## How to complete this task
An exact, picture-free copy of the listing is required.

*** Opening Dataset records ***

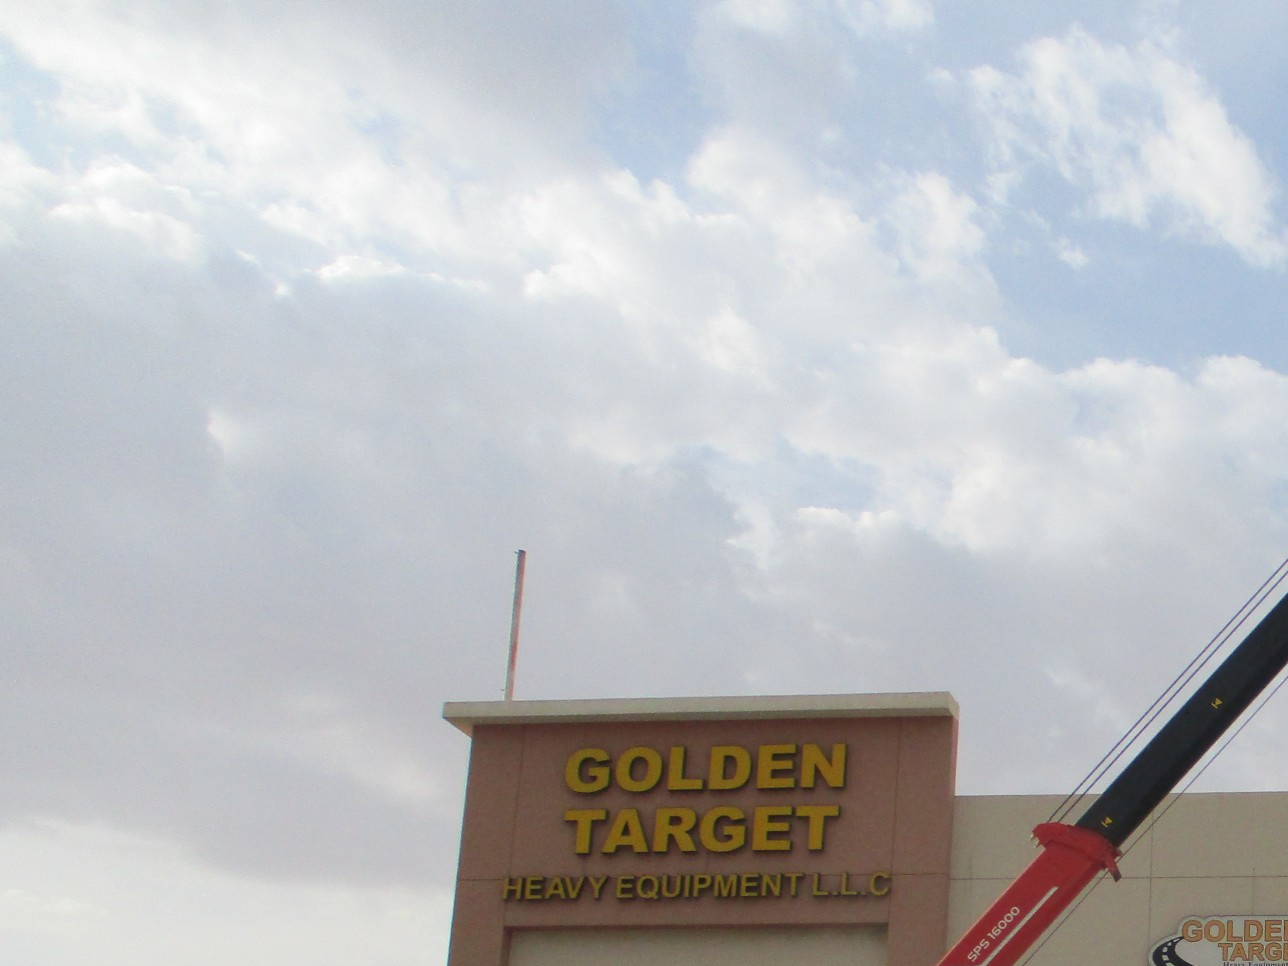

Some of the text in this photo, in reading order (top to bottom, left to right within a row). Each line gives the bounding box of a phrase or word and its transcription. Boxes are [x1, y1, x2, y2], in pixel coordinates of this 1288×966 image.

[564, 743, 847, 793] GOLDEN
[564, 805, 839, 854] TARGET
[503, 871, 891, 899] HEAVY EQUIPMENT L.L.C
[967, 906, 1020, 963] SPS 16000
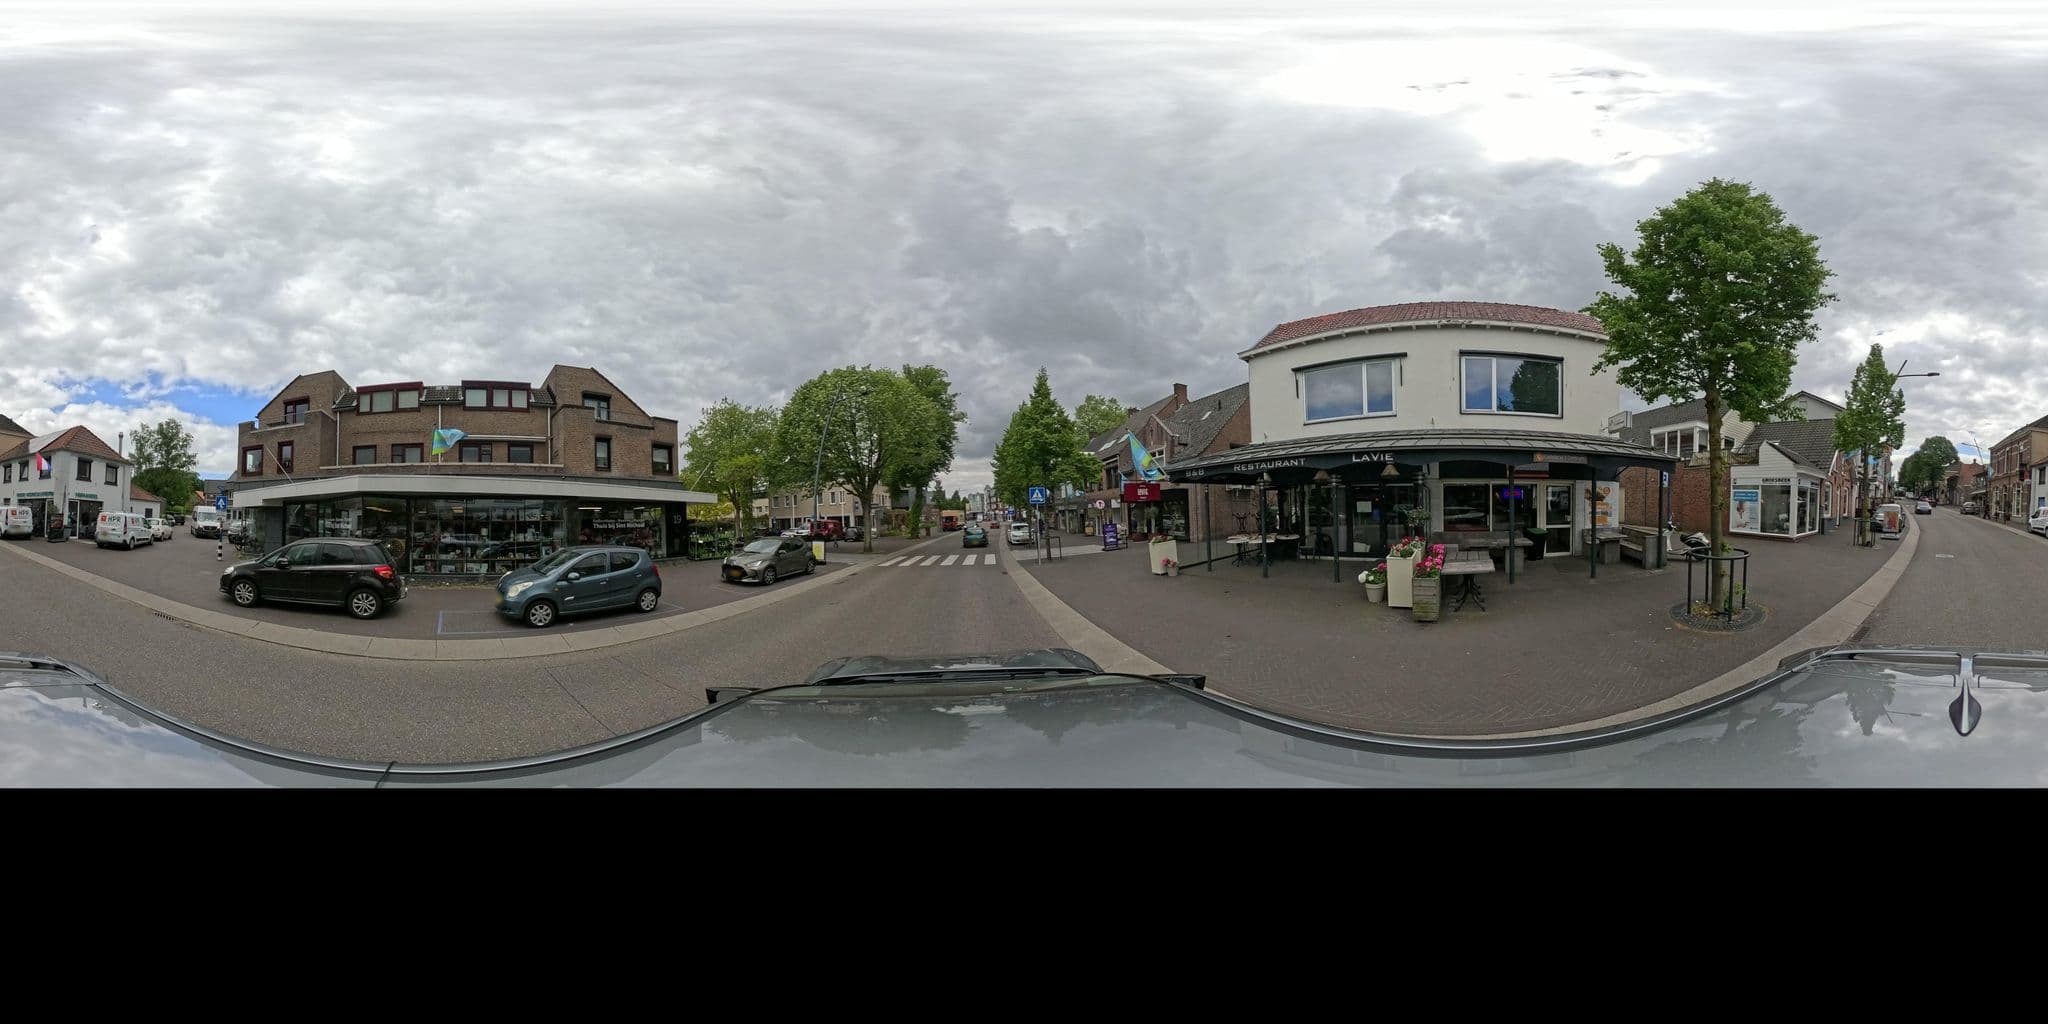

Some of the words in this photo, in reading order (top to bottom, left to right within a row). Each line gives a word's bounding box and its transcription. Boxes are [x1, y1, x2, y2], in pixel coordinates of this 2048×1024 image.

[1234, 458, 1306, 472] RESTAURANT
[1185, 468, 1205, 477] B&B
[107, 515, 121, 523] HPR
[673, 515, 682, 524] 19
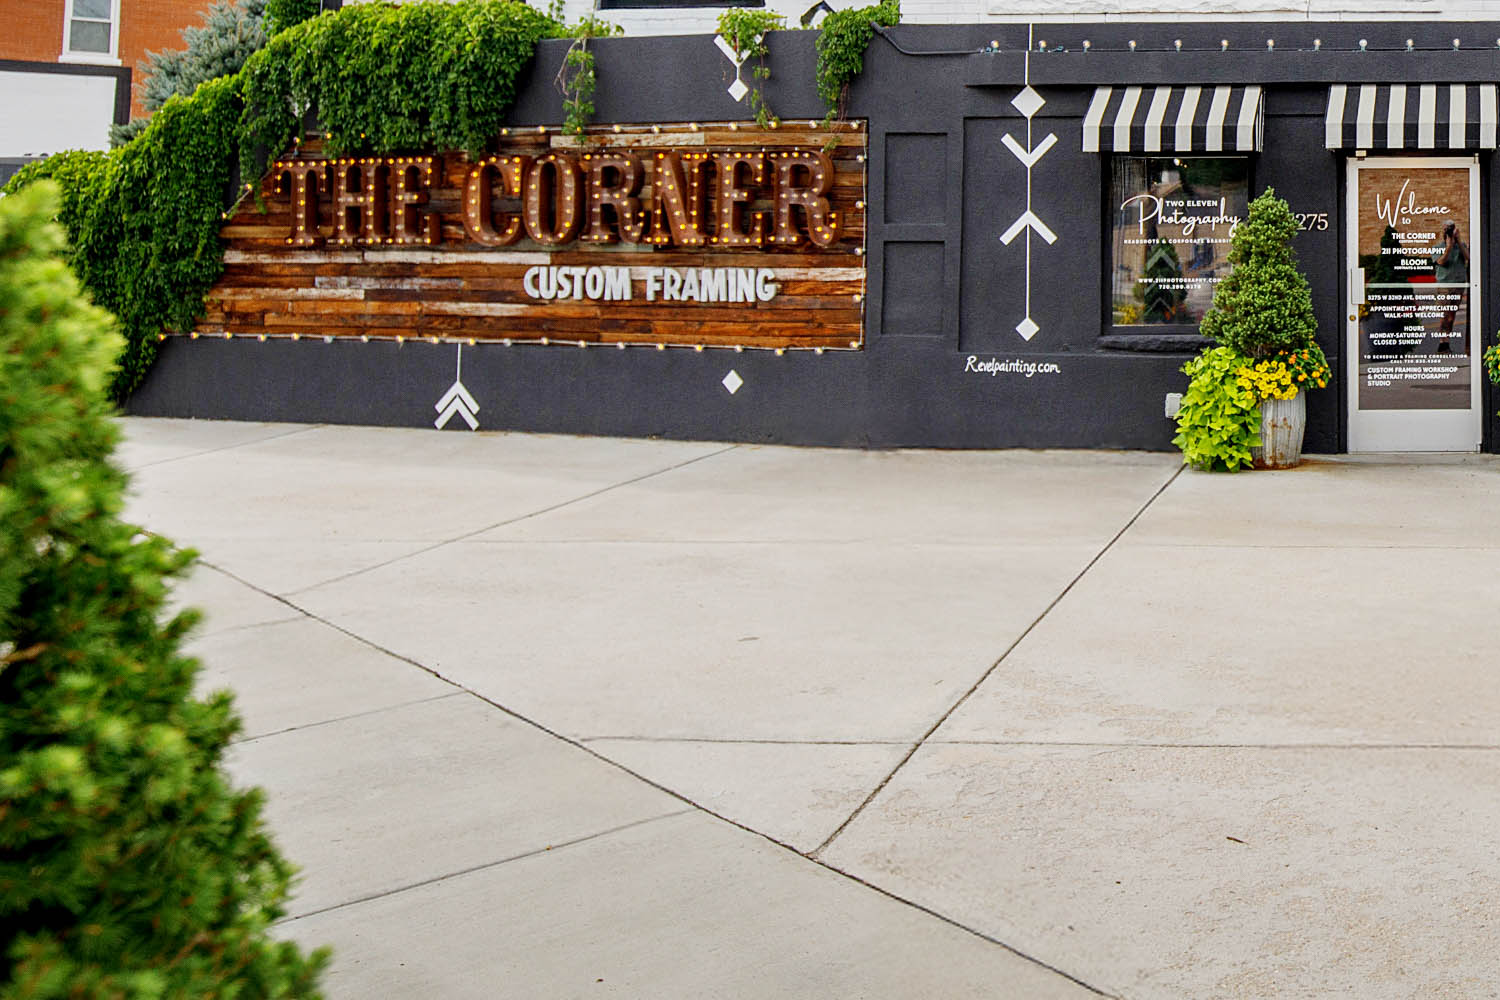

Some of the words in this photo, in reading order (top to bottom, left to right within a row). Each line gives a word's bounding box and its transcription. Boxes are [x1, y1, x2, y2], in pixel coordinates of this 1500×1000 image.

[274, 154, 442, 246] THE
[462, 151, 844, 246] CORNER
[1376, 178, 1450, 228] Welcome
[1120, 194, 1241, 238] Photography
[1290, 213, 1329, 231] 275
[1401, 217, 1411, 225] to
[1406, 232, 1436, 240] CORNER
[1392, 247, 1446, 255] PHOTOGRAPHY
[523, 266, 633, 301] CUSTOM
[645, 267, 779, 303] FRAMING
[964, 355, 1061, 378] Revelpainting.com
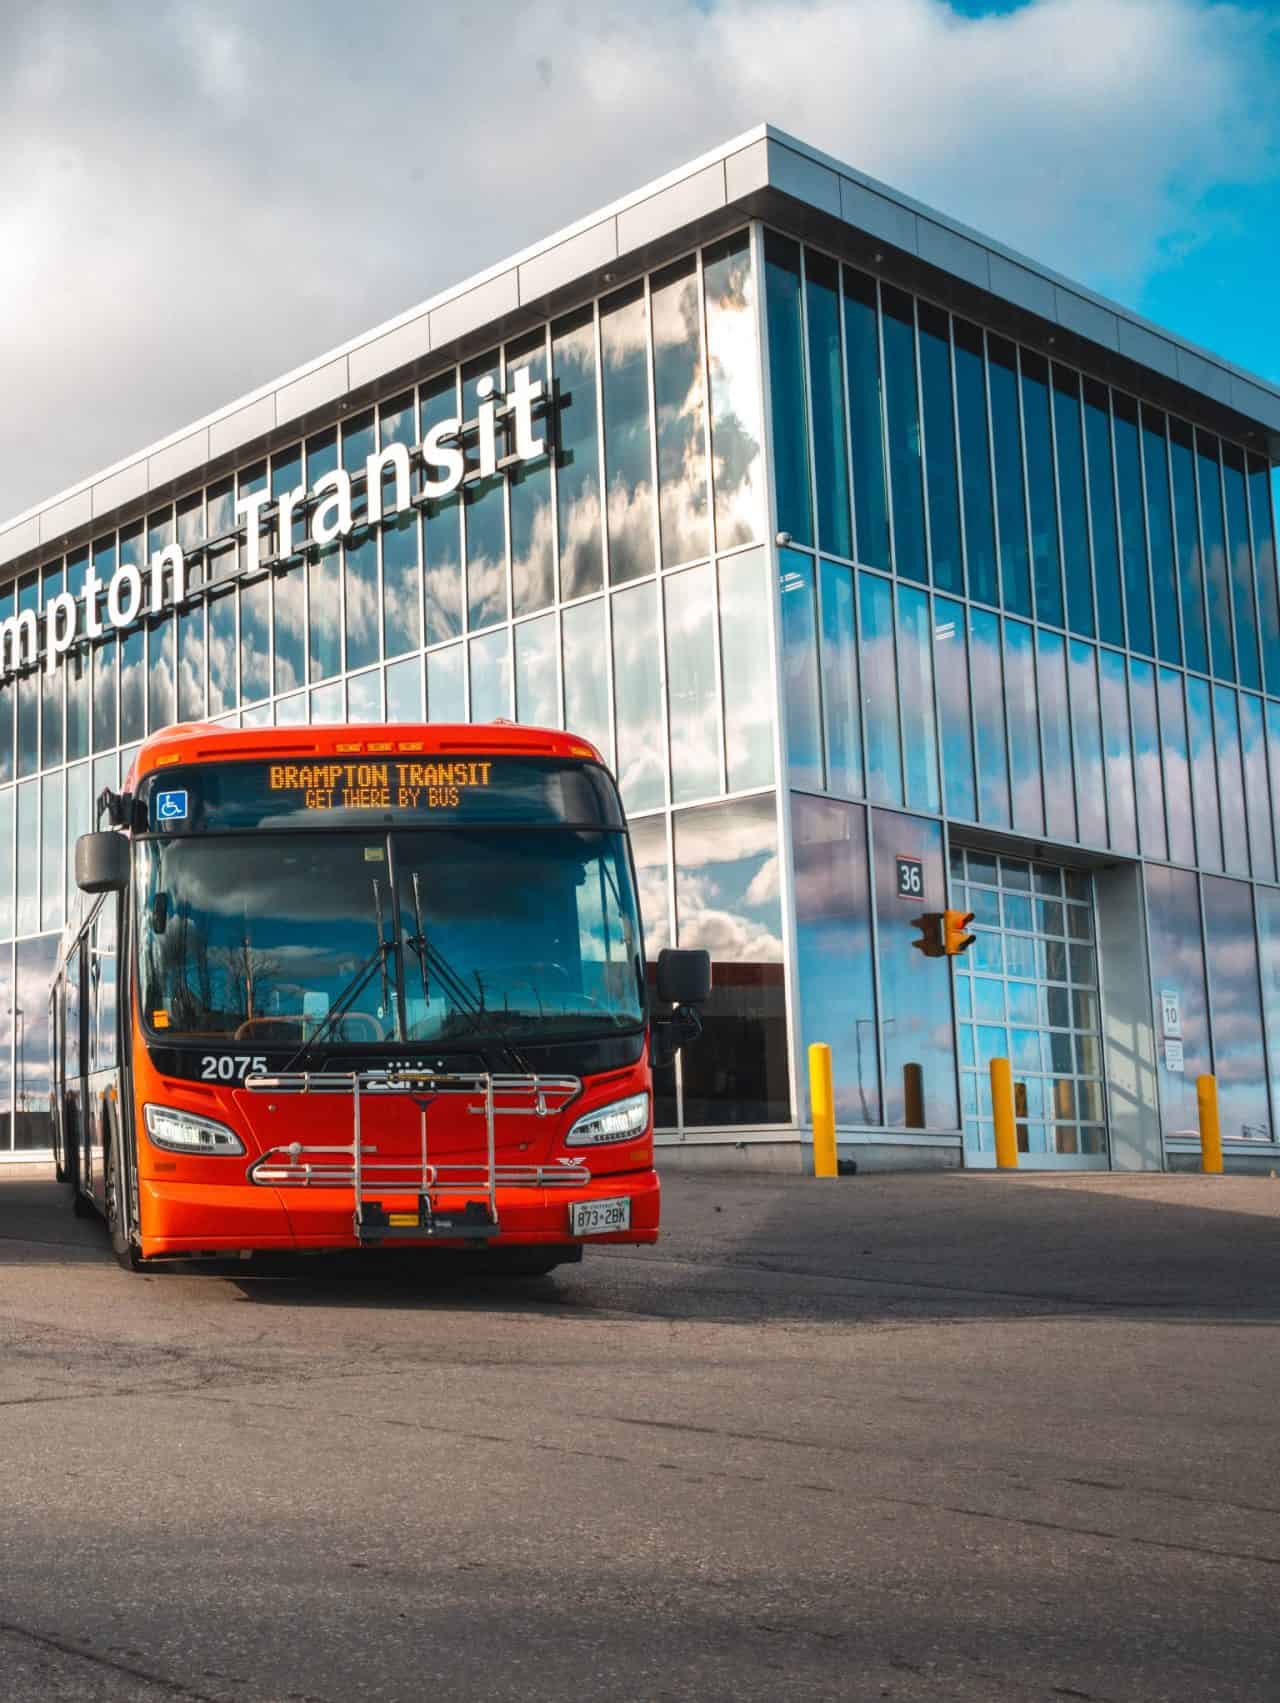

*** Closing Dataset records ***

## Written reply
Some of the text in this photo, in reading order (top to bottom, left to right within a row). Each line gives the bounding box of a phrase or word and its transcription. Boxes are [x1, y1, x2, y2], in pixel coordinates of this 1288×966 image.

[564, 743, 847, 793] GOLDEN
[564, 805, 839, 854] TARGET
[503, 871, 891, 899] HEAVY EQUIPMENT L.L.C
[967, 906, 1020, 963] SPS 16000

Some of the words in this photo, in reading order (top to bottom, left to right within a row). Each line gives a word's bounding box and its transcription. Boxes are [x1, y1, x2, y2], in pixel coordinates of this 2048×1024 image.

[1234, 458, 1306, 472] RESTAURANT
[1185, 468, 1205, 477] B&B
[107, 515, 121, 523] HPR
[673, 515, 682, 524] 19

Some of the words in this photo, in reading order (top to bottom, left to right within a row). Each line gives a word's bounding box and its transcription. Boxes are [x1, y1, x2, y2], in pixel coordinates of this 1500×1000 image.

[274, 154, 442, 246] THE
[462, 151, 844, 246] CORNER
[1376, 178, 1450, 228] Welcome
[1120, 194, 1241, 238] Photography
[1290, 213, 1329, 231] 275
[1401, 217, 1411, 225] to
[1406, 232, 1436, 240] CORNER
[1392, 247, 1446, 255] PHOTOGRAPHY
[523, 266, 633, 301] CUSTOM
[645, 267, 779, 303] FRAMING
[964, 355, 1061, 378] Revelpainting.com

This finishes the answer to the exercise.